Material provided START

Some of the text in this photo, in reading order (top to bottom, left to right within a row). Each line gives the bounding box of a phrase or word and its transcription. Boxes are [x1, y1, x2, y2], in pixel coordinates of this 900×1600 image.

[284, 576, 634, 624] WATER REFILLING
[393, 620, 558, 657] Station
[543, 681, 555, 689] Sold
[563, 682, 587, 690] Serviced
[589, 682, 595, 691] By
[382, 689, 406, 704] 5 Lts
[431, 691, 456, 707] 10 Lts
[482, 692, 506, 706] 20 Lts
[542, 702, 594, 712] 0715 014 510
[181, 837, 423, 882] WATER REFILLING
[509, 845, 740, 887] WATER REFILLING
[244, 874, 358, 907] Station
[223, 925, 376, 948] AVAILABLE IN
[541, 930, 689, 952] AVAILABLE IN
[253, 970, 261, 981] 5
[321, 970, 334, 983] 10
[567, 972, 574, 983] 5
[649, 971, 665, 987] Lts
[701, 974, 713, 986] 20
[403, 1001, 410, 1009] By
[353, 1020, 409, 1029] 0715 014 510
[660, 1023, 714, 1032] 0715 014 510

Material provided END

What the task requires. Now that the records have been shown, restate each one word for word.

Written response.
Some of the text in this photo, in reading order (top to bottom, left to right within a row). Each line gives the bounding box of a phrase or word and its transcription. Boxes are [x1, y1, x2, y2], in pixel coordinates of this 900×1600 image.

[284, 576, 634, 624] WATER REFILLING
[393, 620, 558, 657] Station
[543, 681, 555, 689] Sold
[563, 682, 587, 690] Serviced
[589, 682, 595, 691] By
[382, 689, 406, 704] 5 Lts
[431, 691, 456, 707] 10 Lts
[482, 692, 506, 706] 20 Lts
[542, 702, 594, 712] 0715 014 510
[181, 837, 423, 882] WATER REFILLING
[509, 845, 740, 887] WATER REFILLING
[244, 874, 358, 907] Station
[223, 925, 376, 948] AVAILABLE IN
[541, 930, 689, 952] AVAILABLE IN
[253, 970, 261, 981] 5
[321, 970, 334, 983] 10
[567, 972, 574, 983] 5
[649, 971, 665, 987] Lts
[701, 974, 713, 986] 20
[403, 1001, 410, 1009] By
[353, 1020, 409, 1029] 0715 014 510
[660, 1023, 714, 1032] 0715 014 510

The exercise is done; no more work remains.